6. The bridge thus constructed by the corporation was its property, which they could take down and dispose of at their pleasure. One end of it rested on soil beyond their municipal jurisdiction, if the whole bridge was not also beyond it, and the corporation in its political character could have no control over it. Yet they were bound to repair and rebuild it out of their corporate funds, and they were responsible, if it became a public nuisance, to any one receiving special damage from the manner in which they discharged that duty. Bailey vs. The City of New York, (3 Hill, 531; S.C. 2 Denio, 433.) Having constructed it, they had no discretionary power as to keeping it in repair. Wilson vs. Mayor of New York, (1 Denio, 595;) The Mayor of New York vs. Furze, (3 Hill, 612; Kitty's Laws, 1791, chap. 45, § 1.)

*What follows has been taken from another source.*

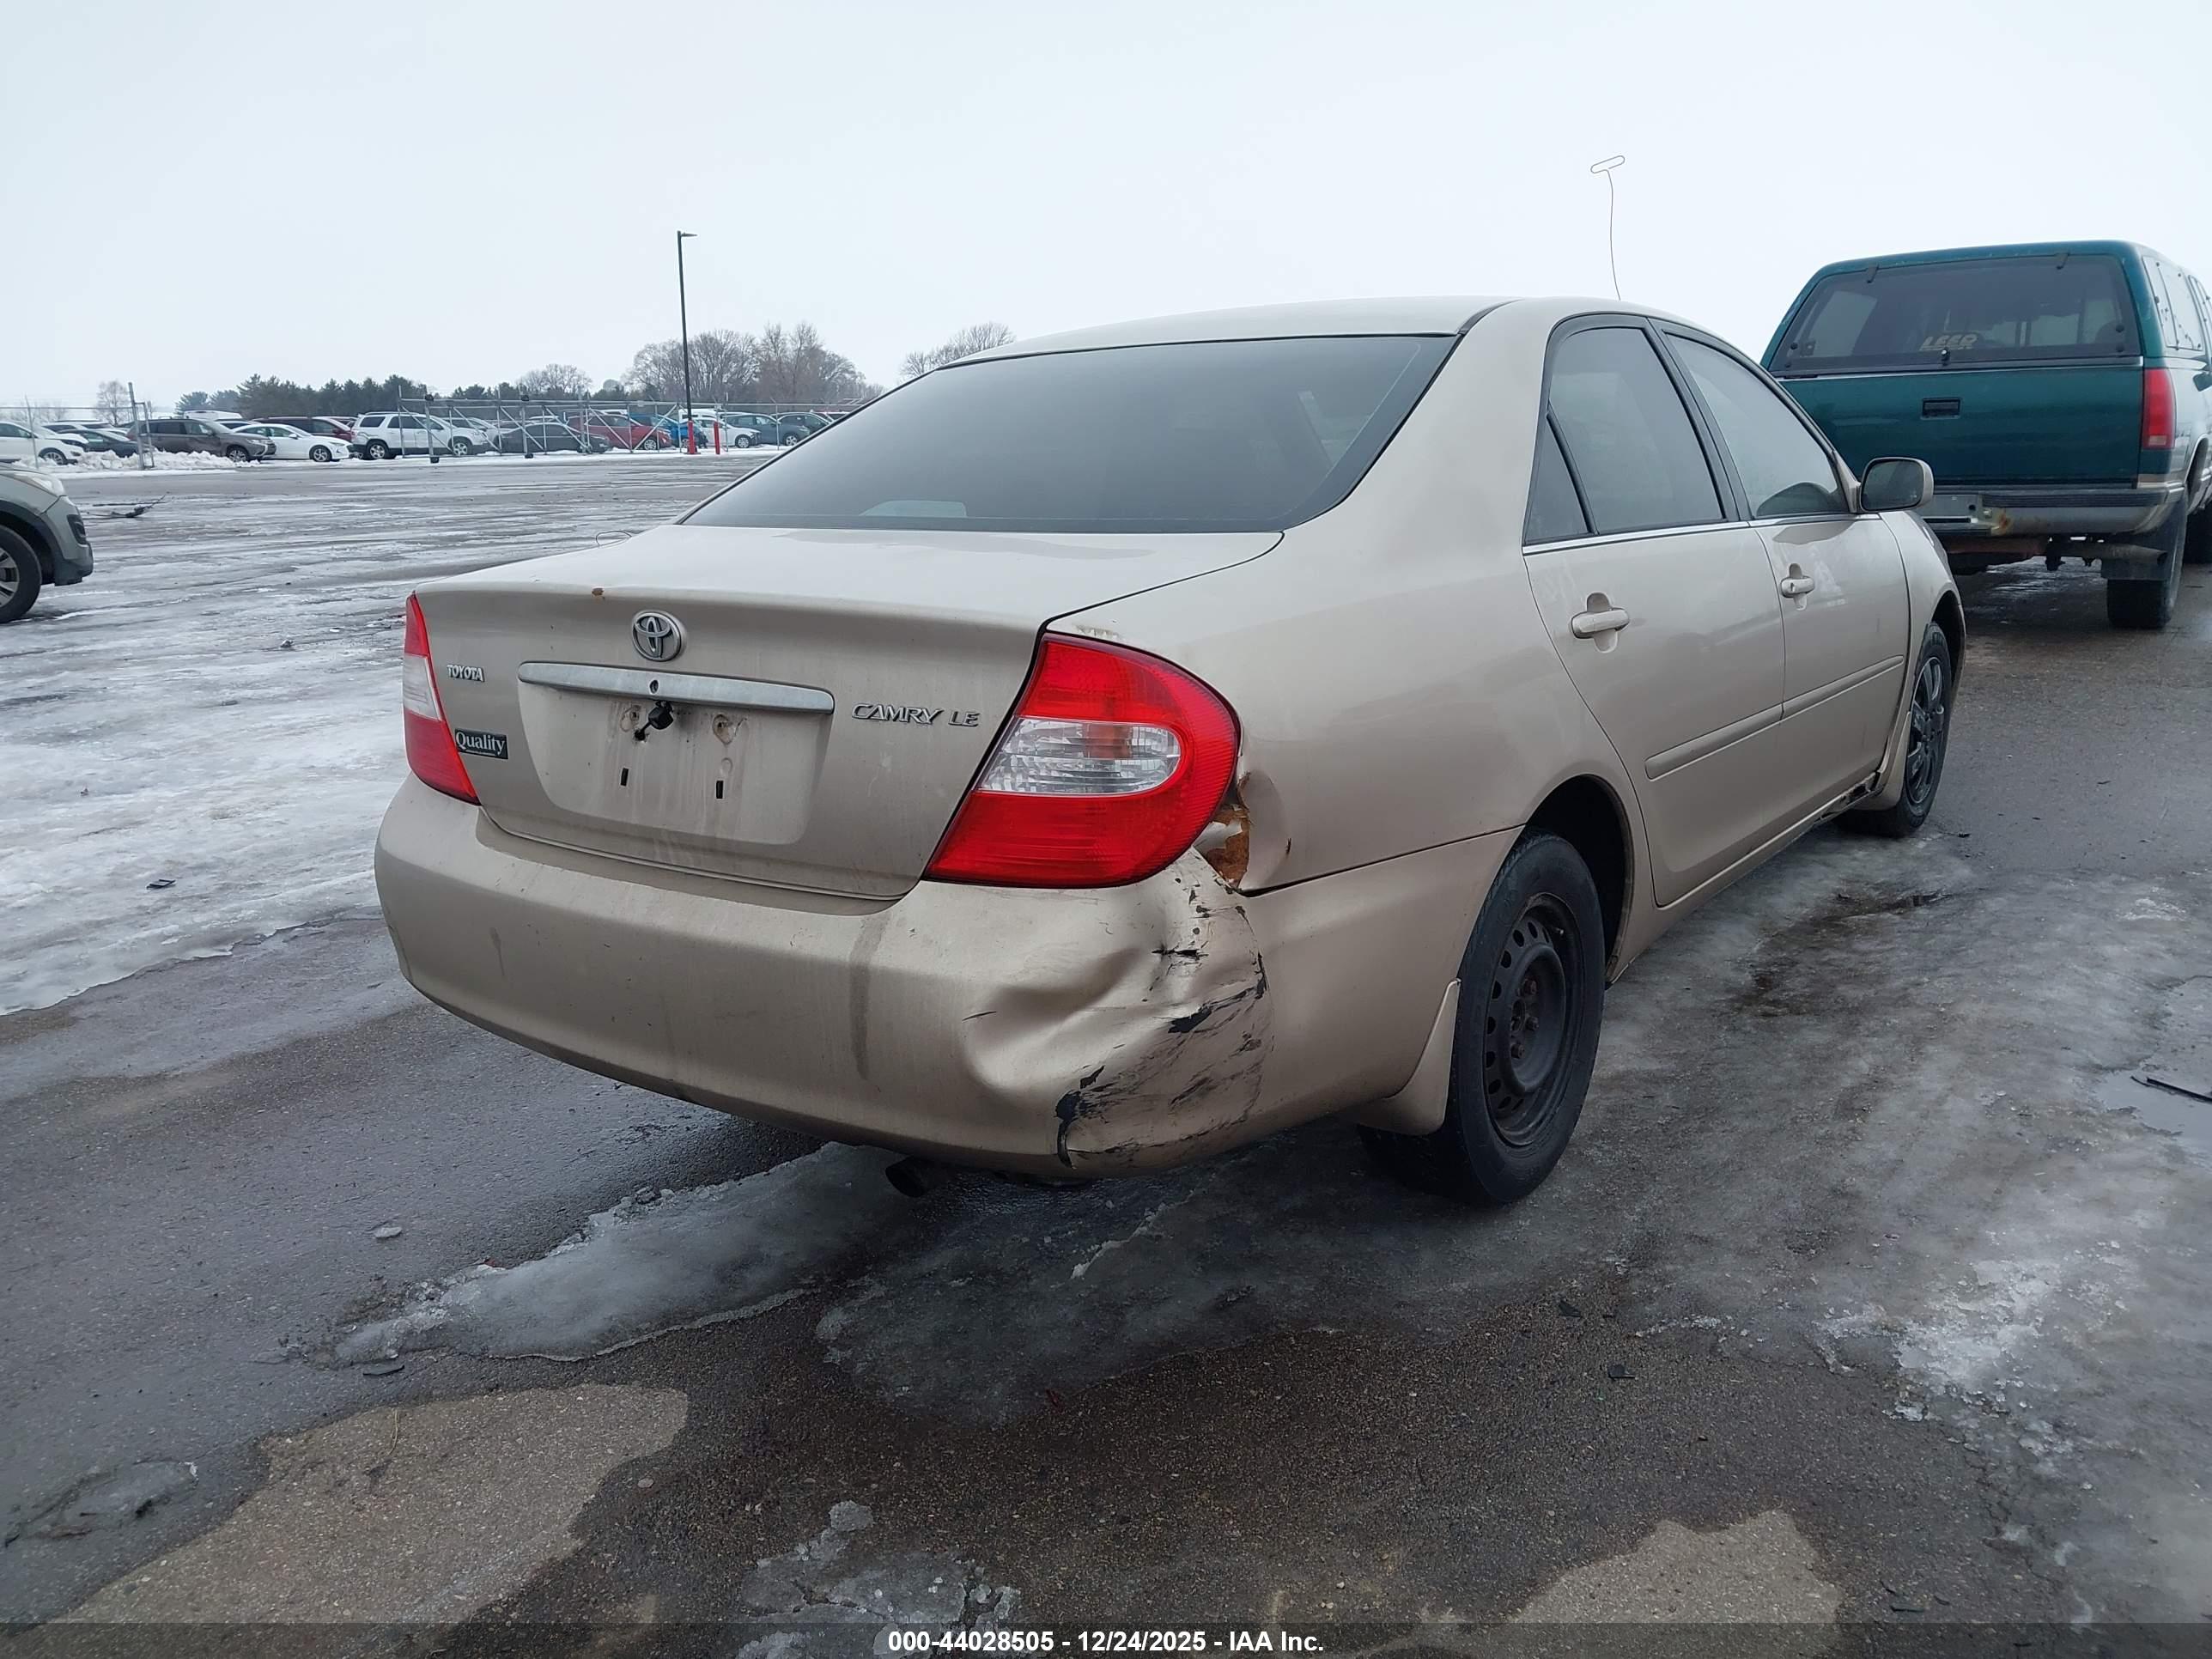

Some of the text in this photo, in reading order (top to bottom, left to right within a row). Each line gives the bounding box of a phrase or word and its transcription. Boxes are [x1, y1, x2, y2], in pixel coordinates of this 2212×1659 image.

[447, 665, 484, 682] TOYOTA
[852, 703, 980, 726] CAMRY LE
[455, 731, 505, 755] Quality

Mr. Davidge, of Washington city, contra. The officers of the corporation are invested with power over the bridge as the agents of the public, from public considerations and for public purposes exclusively, and are not responsible for the non-feasances or mis-feasances of sub-agents necessarily employed. The nature of the power is public, and its object is the benefit of the public. The bridge is a public bridge, and so alleged. It spans a navigable stream, and one abutment only is within the corporate limits.

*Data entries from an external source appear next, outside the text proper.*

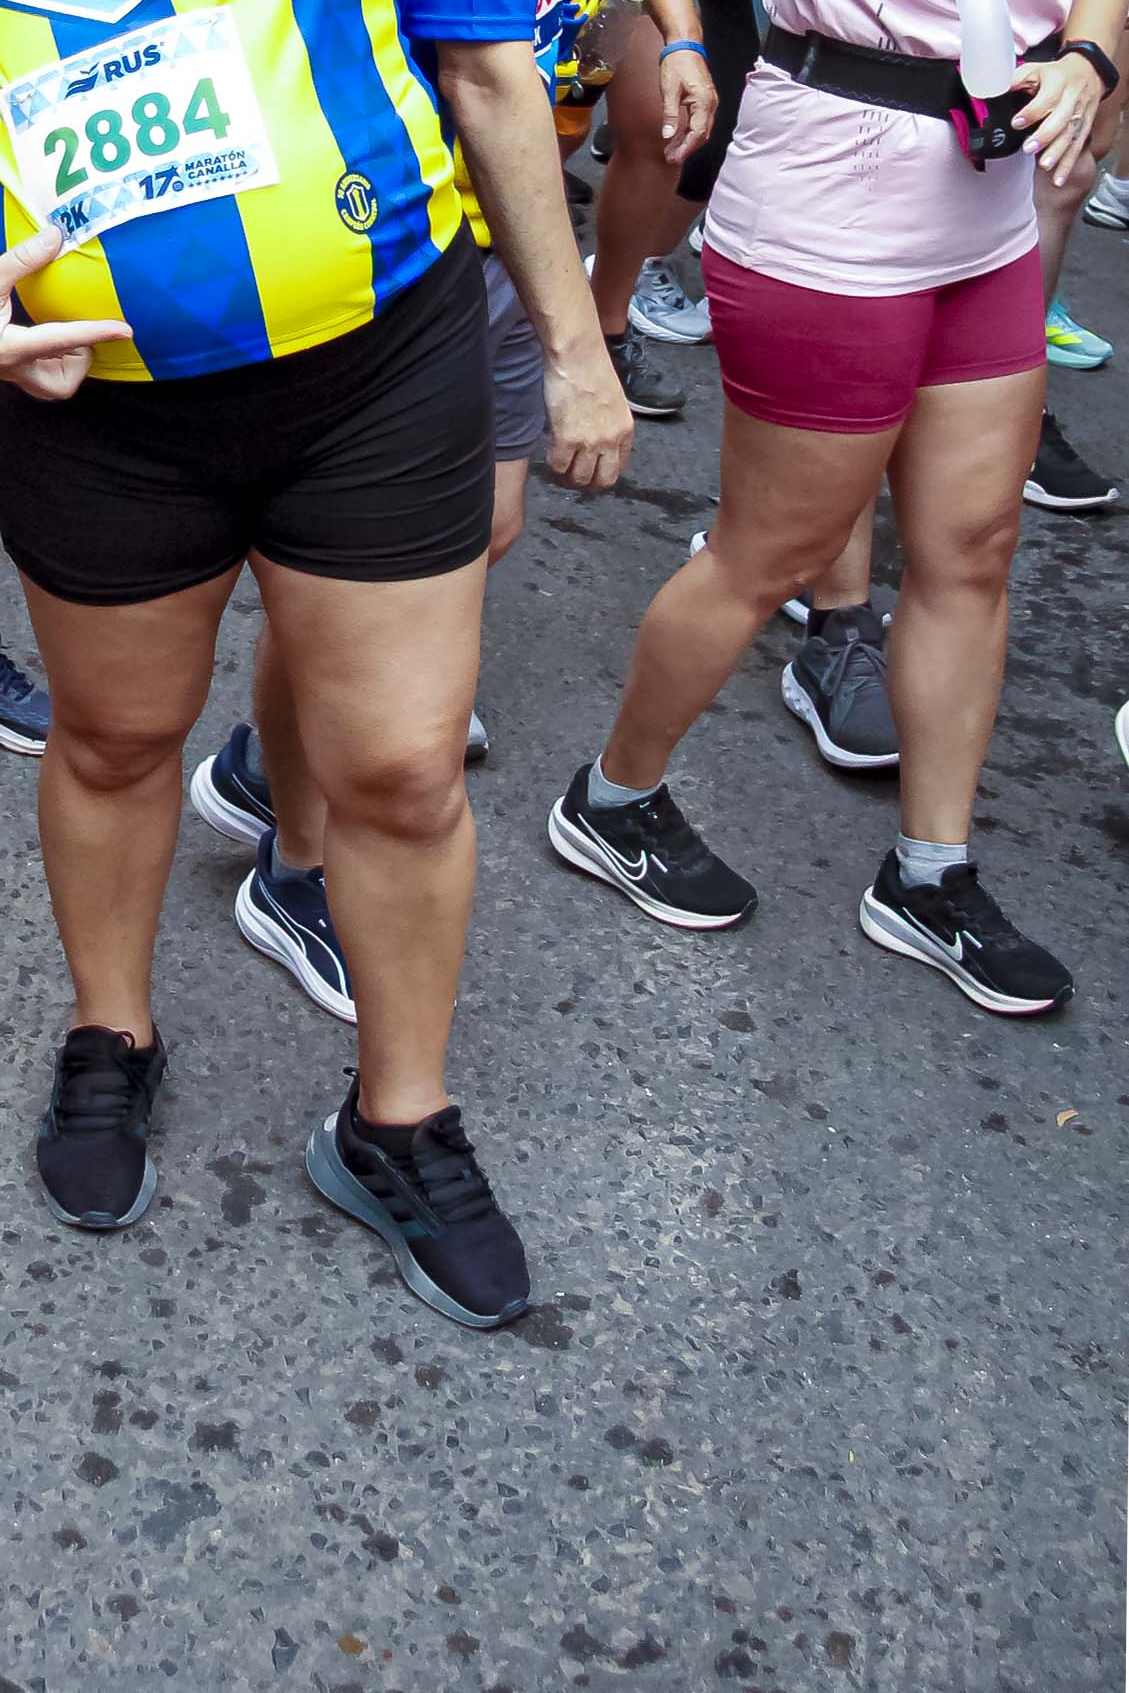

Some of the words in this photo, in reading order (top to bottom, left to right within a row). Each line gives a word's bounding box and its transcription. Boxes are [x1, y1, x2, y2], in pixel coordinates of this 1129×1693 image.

[103, 44, 162, 83] RUS
[43, 77, 231, 197] 2884
[184, 150, 246, 172] MARATÓN
[188, 160, 248, 180] CANALLA
[139, 164, 180, 200] 17

It is not denied that a public municipal corporation may hold franchises or other property, in relation to which it is to be regarded as a private company, and subject to the responsibilities attaching to that class of institutions. Bailey vs. The Mayor, c., of New York, (3 Hill's N.Y. Re., 531, 540;) S.C. on error, (2 Denio, 434;) Moodalay vs. The East India Co., (1 Brown's Ch. R., 469.) But as regards the power under consideration here, it has not a single element of private ownership, but stands on precisely the same footing as the powers of the corporation over the streets of the city, which powers, it is judicially settled, are exercised by the corporation as agents of the public. Smith vs. Corporation of Washington, (20 How., 135, 148;) Van Ness vs. Id., (4 Pet., 232.) Public agents are not responsible for the mis-feasance or non-feasance of those whom they are obliged to employ. To such cases the doctrine of respondeat superior does not apply. Story on Agency, (sec. 319 — 322;) Hall vs. Smith, (2 Bing., 156; 9 E.C.L.R.;) Harris vs. Baker, (4 Maul Selw., 27;) Lave vs. Colton, (1 Ld. Raymond, 646;) Whitfield vs. Lord Le Despencer, (Cowp., 754;) Duncan vs. Findlater, (6 Clark Finell, 903, 910;) Dunlop vs. Munroe, (7 Cranch, 242, 269;) Bailey vs. The Mayor, c., of New York, (3 Hill's N.Y. Re., 532;) S.C. on error, (2 Denio, 434, 450;) Schroyer vs. Lynch, (8 Watts, 453;) Boody et al. vs. United States, (1 Woodb. Minot, 151, 170;) White vs. City Council, (2 Hill S.C.R., 571;) Supervisors of Albany Co. vs. Dorr, (25 Wend., 440.)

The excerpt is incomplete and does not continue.